Of the village's area, 0.68 sqmi and 429 residents are within Venice Township in Shiawassee County. The Clayton Township portion within Genesee County contains 0.24 sqmi and 82 residents at the 2010 census.

==Demographics==

Historical population
| Census | Pop. | Note | %± |
| 1980 | 600 |  | — |
| 1990 | 534 |  | −11.0% |
| 2000 | 517 |  | −3.2% |
| 2010 | 511 |  | −1.2% |
| 2020 | 509 |  | −0.4% |
U.S. Decennial Census

===2010 census===
As of the census of 2010, there were 511 people, 181 households, and 133 families living in the village. The population density was 561.5 PD/sqmi. There were 194 housing units at an average density of 213.2 /sqmi. The racial makeup of the village was 94.5% White, 0.4% African American, 2.3% Native American, 1.0% Asian, 0.8% from other races, and 1.0% from two or more races. Hispanic or Latino of any race were 3.5% of the population.

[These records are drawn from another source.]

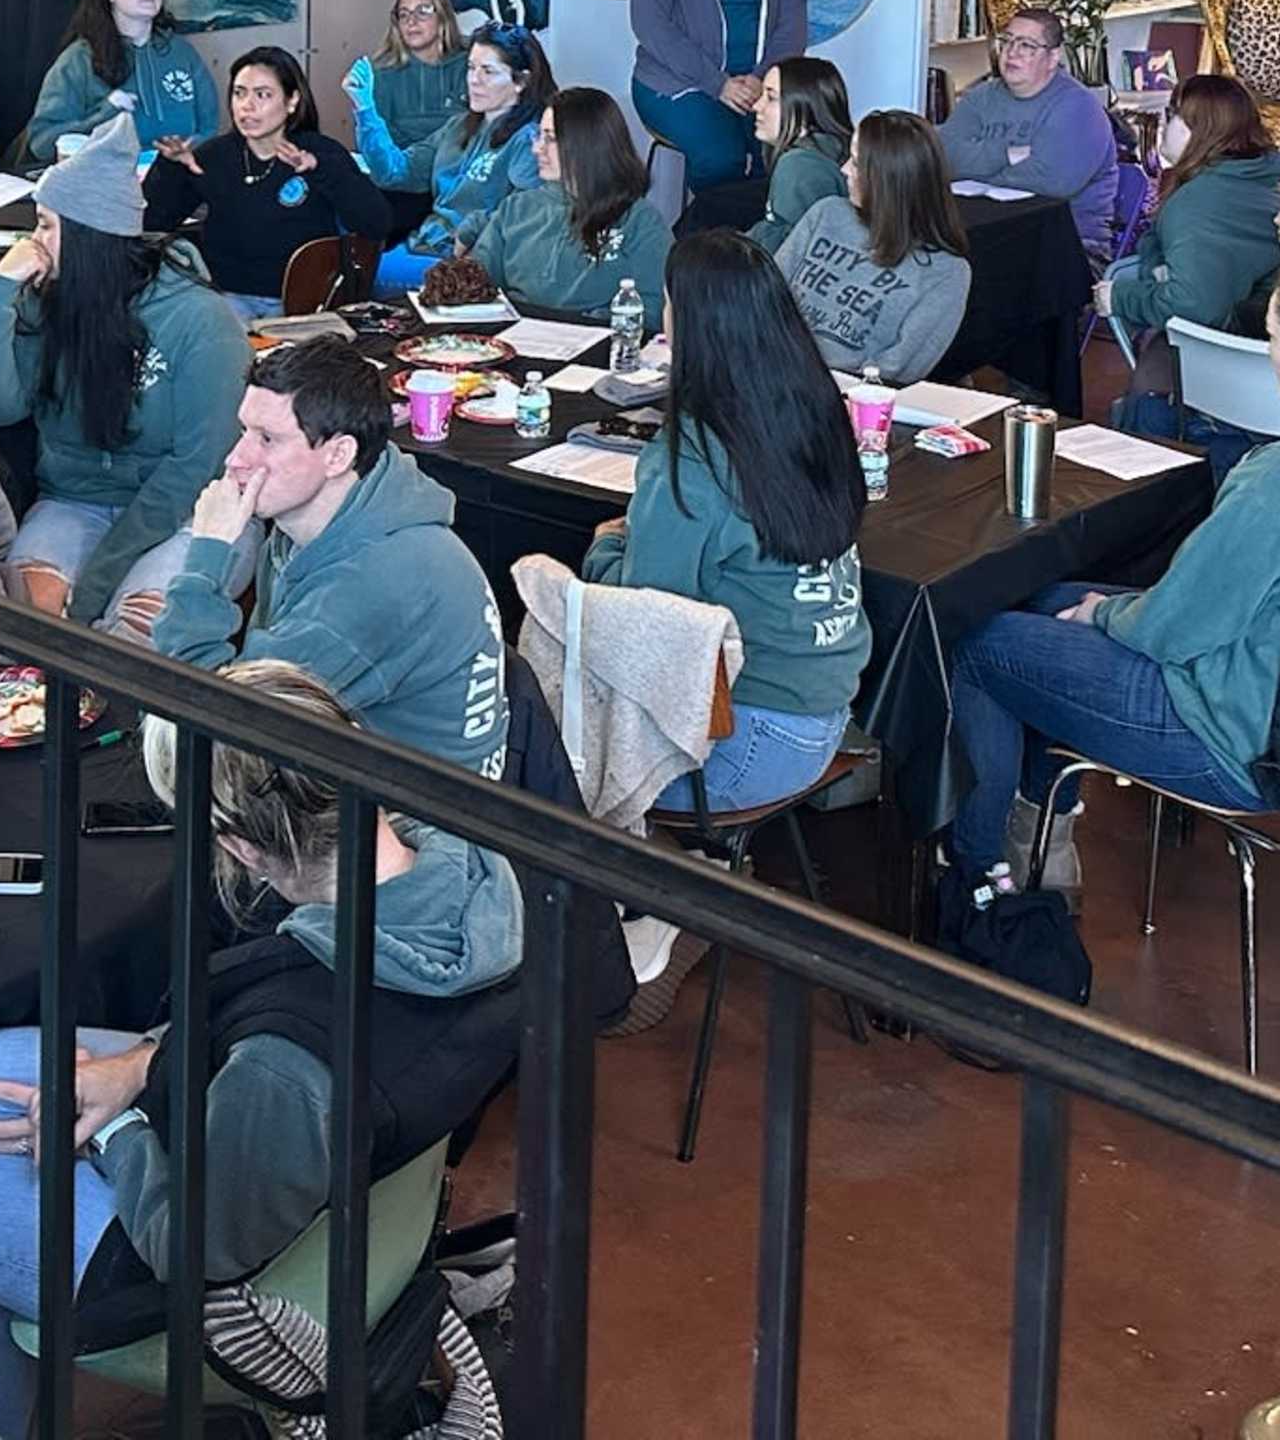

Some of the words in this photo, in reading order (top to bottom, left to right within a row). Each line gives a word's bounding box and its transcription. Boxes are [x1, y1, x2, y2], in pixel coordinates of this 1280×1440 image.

[800, 258, 840, 297] THE
[836, 285, 883, 326] SEA
[809, 237, 870, 272] CITY
[870, 269, 910, 295] BY
[463, 651, 498, 740] CITY

There were 181 households, of which 33.7% had children under the age of 18 living with them, 60.8% were married couples living together, 7.7% had a female householder with no husband present, 5.0% had a male householder with no wife present, and 26.5% were non-families. 19.9% of all households were made up of individuals, and 8.9% had someone living alone who was 65 years of age or older. The average household size was 2.80 and the average family size was 3.22.

The median age in the village was 40.5 years. 24.3% of residents were under the age of 18; 8.4% were between the ages of 18 and 24; 22.2% were from 25 to 44; 31.5% were from 45 to 64; and 13.7% were 65 years of age or older. The gender makeup of the village was 51.9% male and 48.1% female.

===2000 census===
As of the census of 2000, there were 517 people, 179 households, and 146 families living in the village. The population density was 560.7 PD/sqmi. There were 189 housing units at an average density of 205.0 /sqmi. The racial makeup of the village was 98.26% White, 0.39% African American, 0.39% from other races, and 0.97% from two or more races. Hispanic or Latino of any race were 2.13% of the population.

There were 179 households, out of which 36.3% had children under the age of 18 living with them, 71.5% were married couples living together, 7.8% had a female householder with no husband present, and 17.9% were non-families. 14.0% of all households were made up of individuals, and 4.5% had someone living alone who was 65 years of age or older. The average household size was 2.87 and the average family size was 3.17.

In the village, the population was spread out, with 28.0% under the age of 18, 6.4% from 18 to 24, 30.6% from 25 to 44, 21.7% from 45 to 64, and 13.3% who were 65 years of age or older. The median age was 37 years. For every 100 females, there were 88.0 males. For every 100 females age 18 and over, there were 100.0 males.

The median income for a household in the village was $48,583, and the median income for a family was $50,227. Males had a median income of $40,972 versus $30,833 for females. The per capita income for the village was $17,148. About 2.1% of families and 5.2% of the population were below the poverty line, including none of those under age 18 and 10.7% of those age 65 or over.